(PROVIDED MATERIAL Opens)

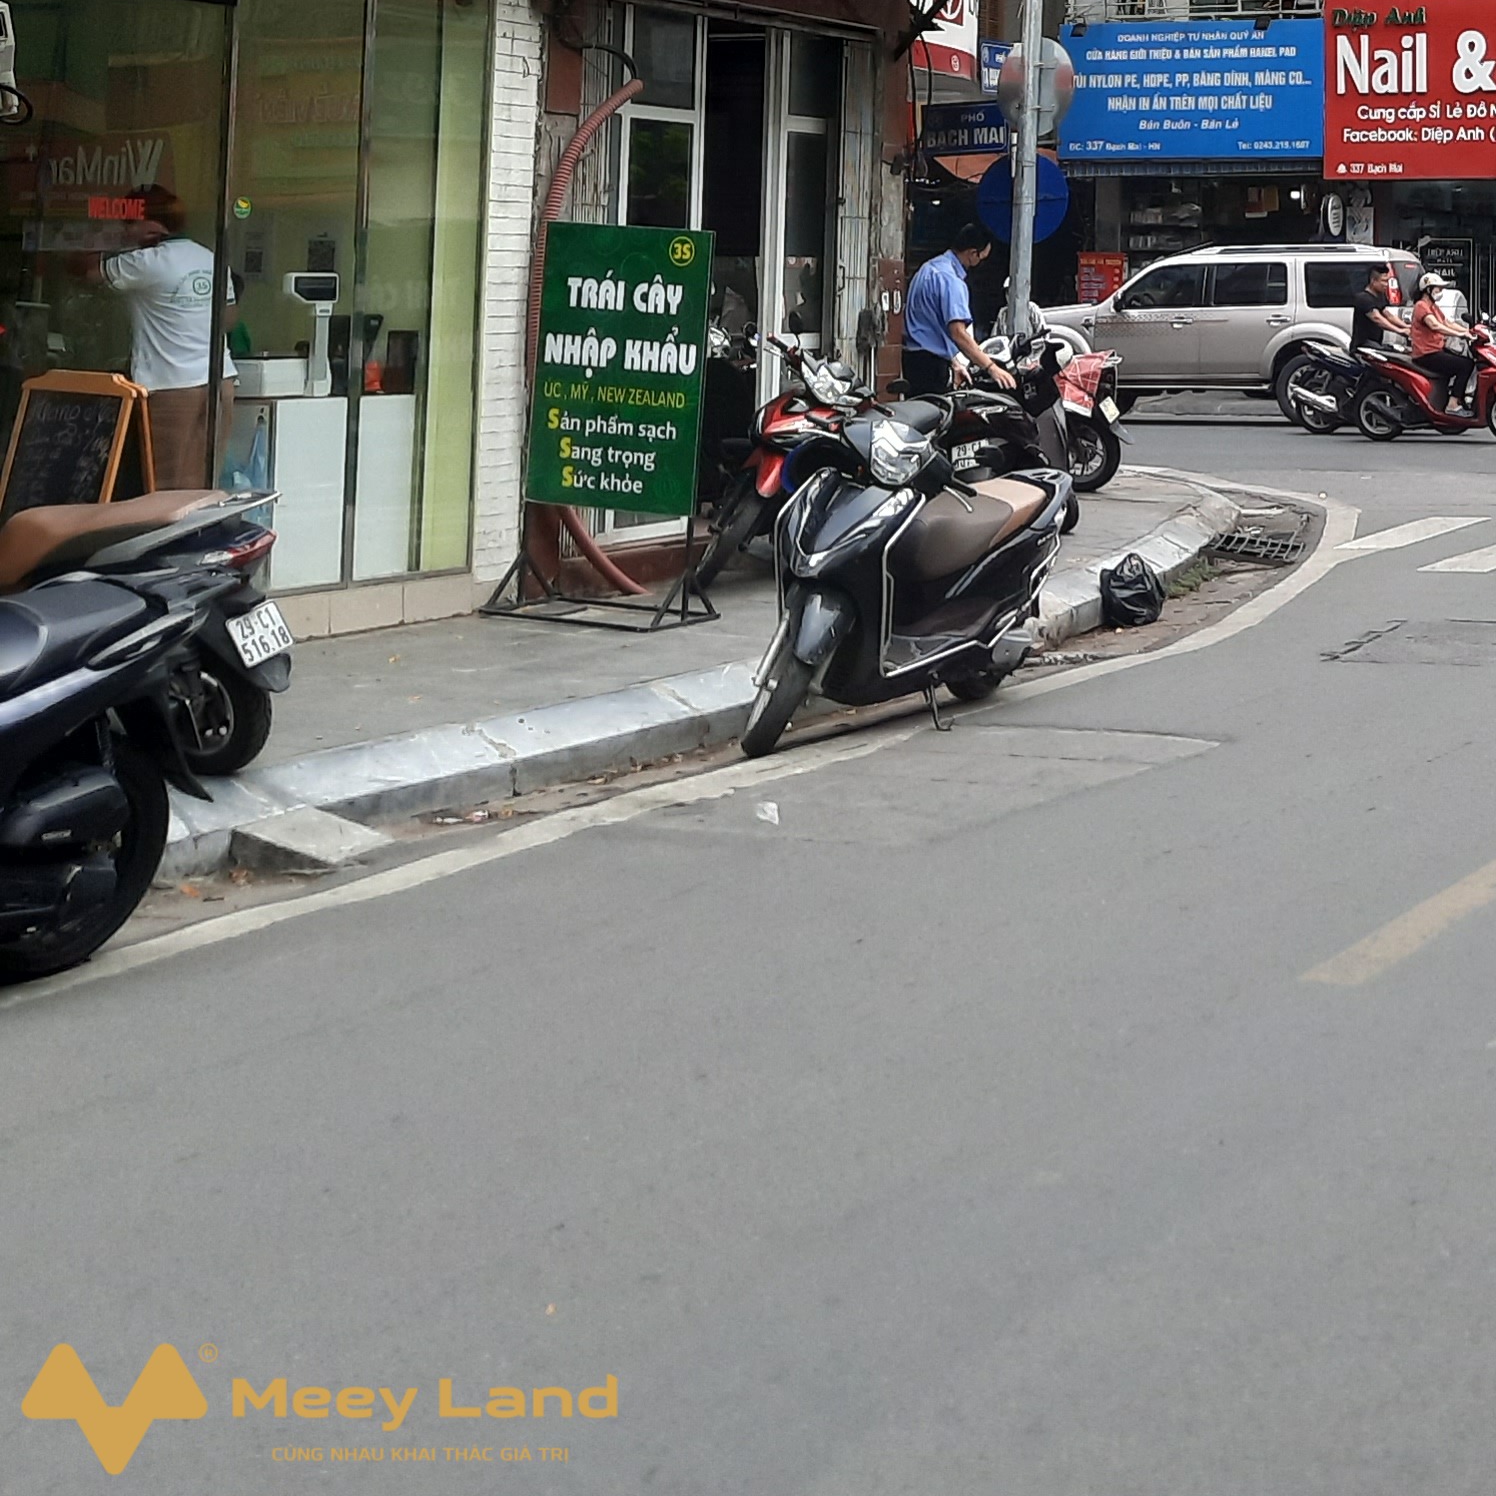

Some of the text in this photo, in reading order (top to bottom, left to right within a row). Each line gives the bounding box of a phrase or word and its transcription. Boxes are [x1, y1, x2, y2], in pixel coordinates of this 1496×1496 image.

[1336, 32, 1428, 95] Nail
[1089, 74, 1122, 88] NYLON
[1124, 74, 1140, 89] PE,
[1143, 73, 1173, 88] HDPE,
[1175, 73, 1190, 88] PP,
[1107, 94, 1136, 114] NHẬN
[1138, 96, 1151, 111] IN
[1169, 93, 1195, 110] TRÊN
[1198, 95, 1218, 113] MỌI
[1221, 91, 1248, 110] CHẤT
[1249, 92, 1273, 113] LIỆU
[1356, 106, 1395, 123] Cung
[1398, 101, 1426, 122] cấp
[961, 110, 985, 122] PHỐ
[1163, 118, 1191, 130] Buôn
[927, 126, 1005, 150] BẠCH MAI
[1086, 140, 1105, 151] 337
[1343, 127, 1417, 143] Facebook:
[1421, 126, 1453, 144] Diệp
[1456, 126, 1484, 141] Anh
[88, 196, 146, 221] WELCOME
[673, 243, 691, 260] 3S
[567, 269, 684, 316] TRÁI CÂY
[544, 326, 697, 378] NHẬP KHẨU
[597, 385, 626, 404] NEW
[627, 388, 686, 409] ZEALAND
[547, 407, 677, 443] Sản phẩm sạch
[559, 436, 657, 472] Sang trọng
[561, 465, 643, 495] Sức khỏe
[240, 625, 290, 662] 516.18

(PROVIDED MATERIAL Closes)

TASK REQUIREMENTS: Drop the images and copy all the data exactly.

EXERCISE RESULT:
Some of the text in this photo, in reading order (top to bottom, left to right within a row). Each line gives the bounding box of a phrase or word and its transcription. Boxes are [x1, y1, x2, y2], in pixel coordinates of this 1496×1496 image.

[1336, 32, 1428, 95] Nail
[1089, 74, 1122, 88] NYLON
[1124, 74, 1140, 89] PE,
[1143, 73, 1173, 88] HDPE,
[1175, 73, 1190, 88] PP,
[1107, 94, 1136, 114] NHẬN
[1138, 96, 1151, 111] IN
[1169, 93, 1195, 110] TRÊN
[1198, 95, 1218, 113] MỌI
[1221, 91, 1248, 110] CHẤT
[1249, 92, 1273, 113] LIỆU
[1356, 106, 1395, 123] Cung
[1398, 101, 1426, 122] cấp
[961, 110, 985, 122] PHỐ
[1163, 118, 1191, 130] Buôn
[927, 126, 1005, 150] BẠCH MAI
[1086, 140, 1105, 151] 337
[1343, 127, 1417, 143] Facebook:
[1421, 126, 1453, 144] Diệp
[1456, 126, 1484, 141] Anh
[88, 196, 146, 221] WELCOME
[673, 243, 691, 260] 3S
[567, 269, 684, 316] TRÁI CÂY
[544, 326, 697, 378] NHẬP KHẨU
[597, 385, 626, 404] NEW
[627, 388, 686, 409] ZEALAND
[547, 407, 677, 443] Sản phẩm sạch
[559, 436, 657, 472] Sang trọng
[561, 465, 643, 495] Sức khỏe
[240, 625, 290, 662] 516.18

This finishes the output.